Retype the data below exactly; skip every image.

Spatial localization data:
^^^^

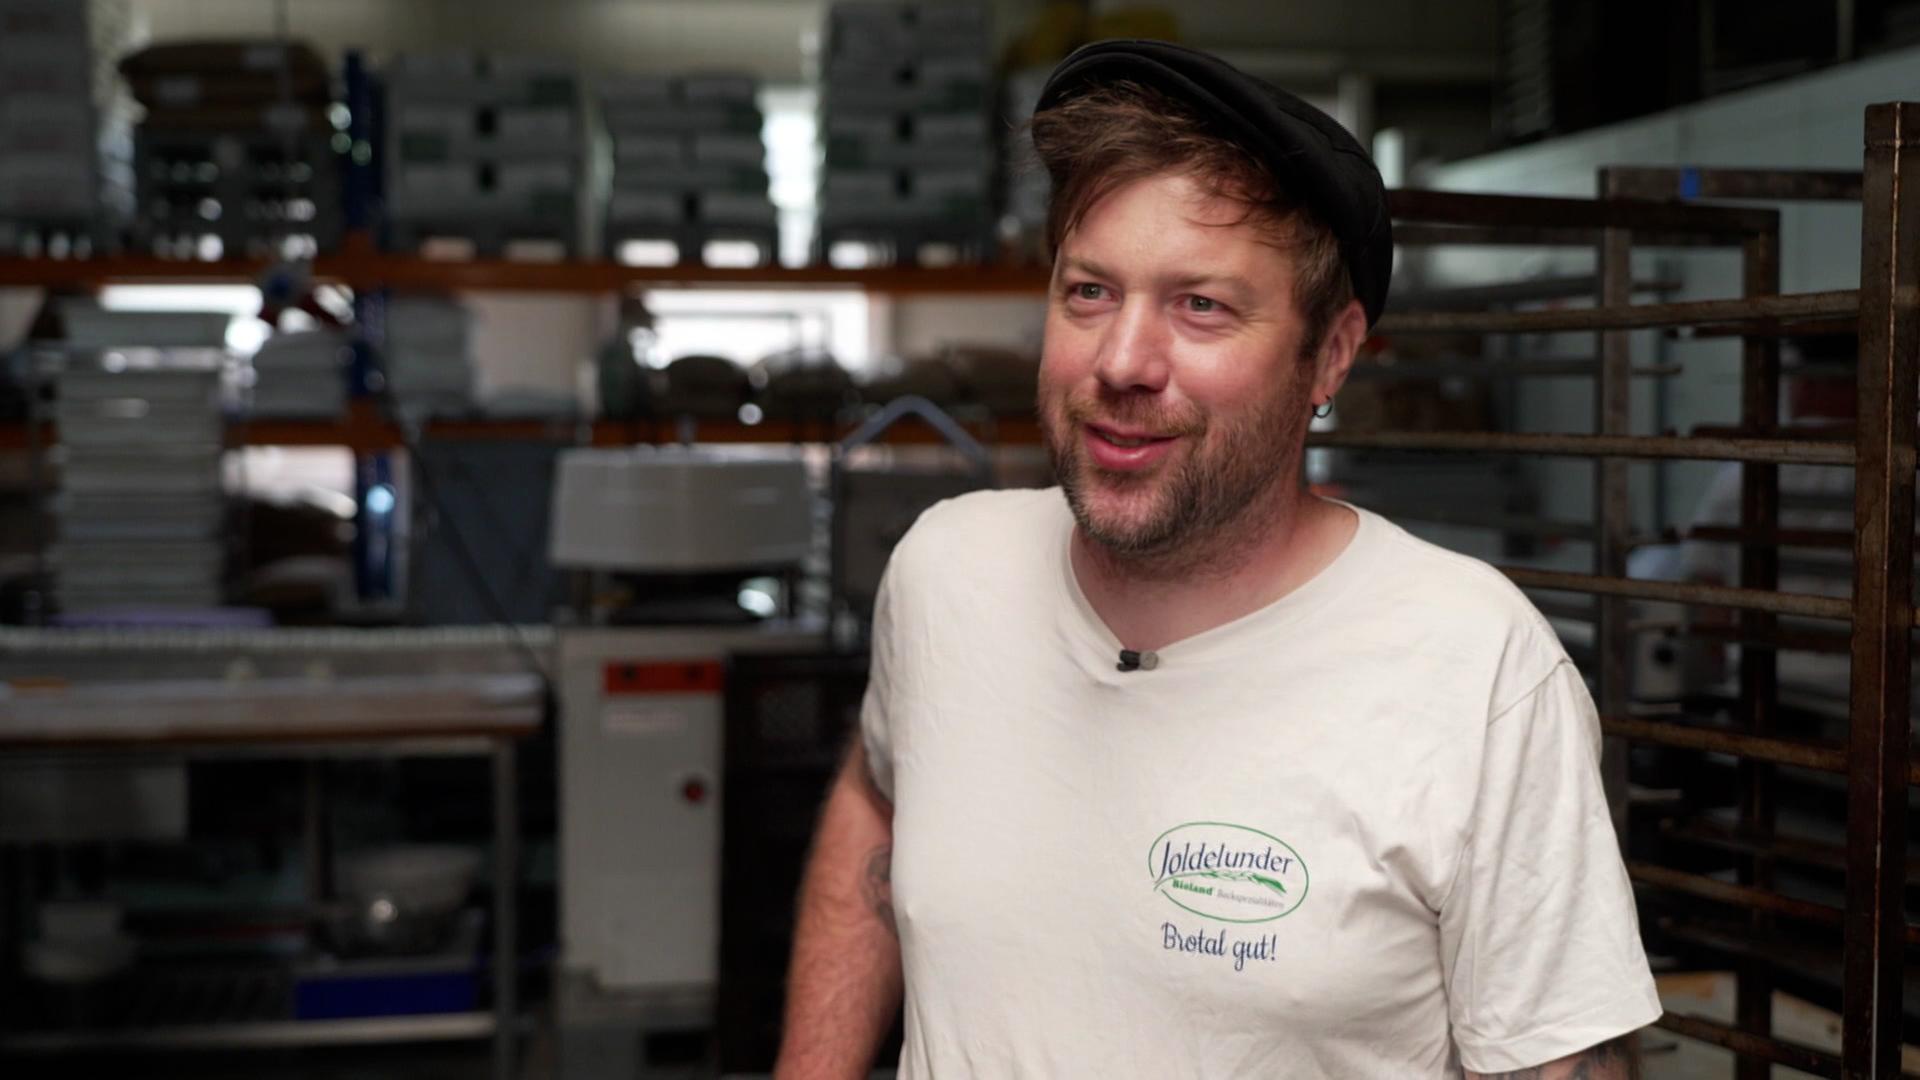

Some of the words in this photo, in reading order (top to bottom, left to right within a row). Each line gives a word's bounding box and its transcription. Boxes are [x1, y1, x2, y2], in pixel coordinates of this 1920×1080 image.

[1155, 841, 1293, 884] Joldelunder
[1171, 879, 1213, 896] Bioland
[1161, 921, 1226, 956] Brotal
[1232, 934, 1277, 972] gut!
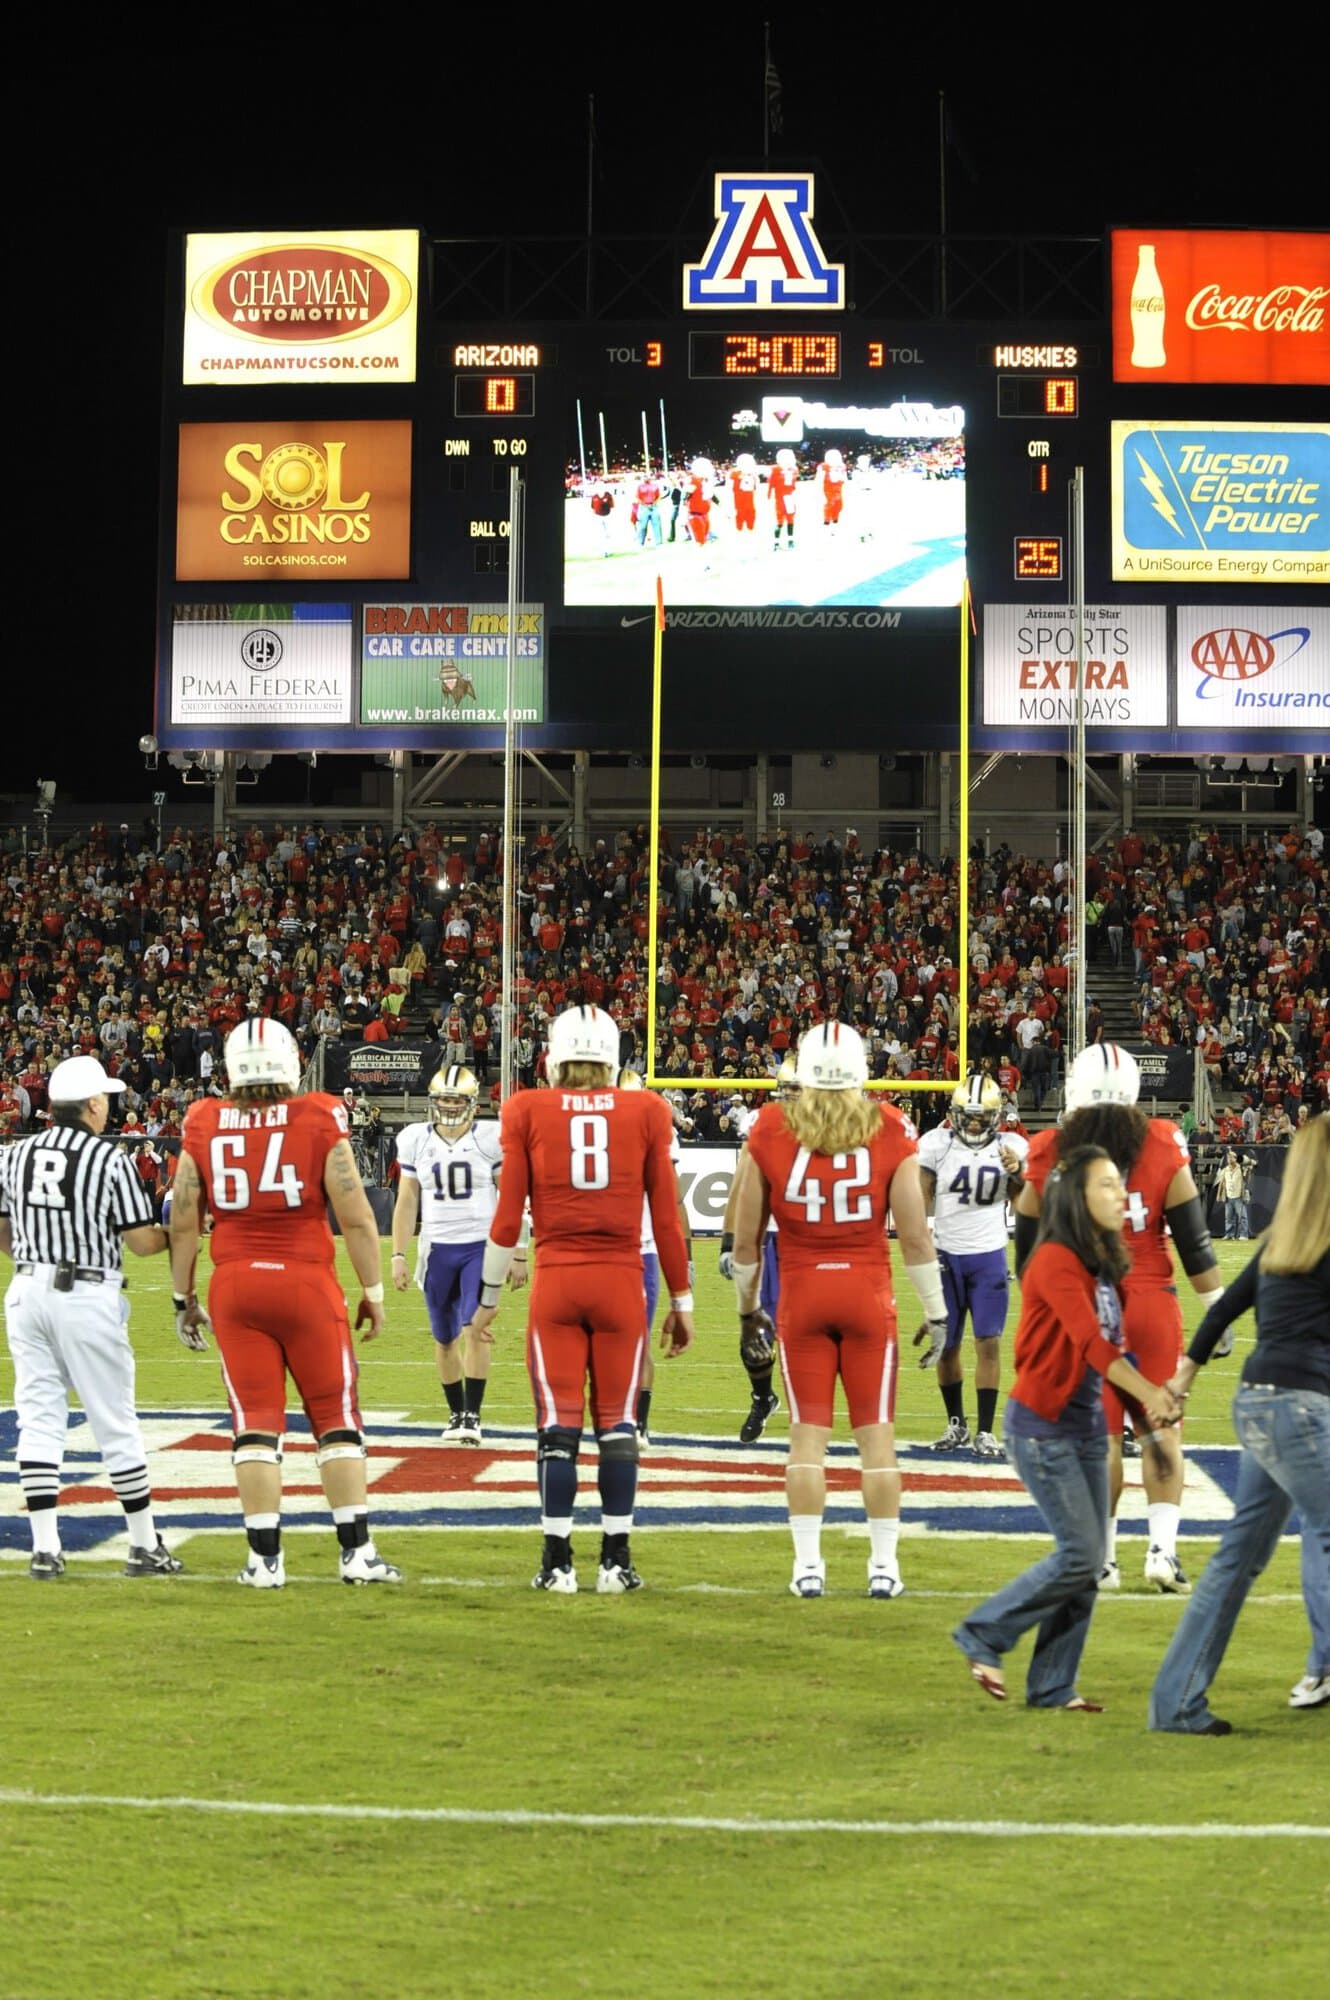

^^^^

Problem solution:
Some of the words in this photo, in reading order (top to bottom, left to right within a row). Each line gives a word's bounding box and its transcription. Boxes are [x1, y1, x2, y2], in pixel coordinates of this 1920×1080 image.

[1155, 841, 1293, 884] Joldelunder
[1171, 879, 1213, 896] Bioland
[1161, 921, 1226, 956] Brotal
[1232, 934, 1277, 972] gut!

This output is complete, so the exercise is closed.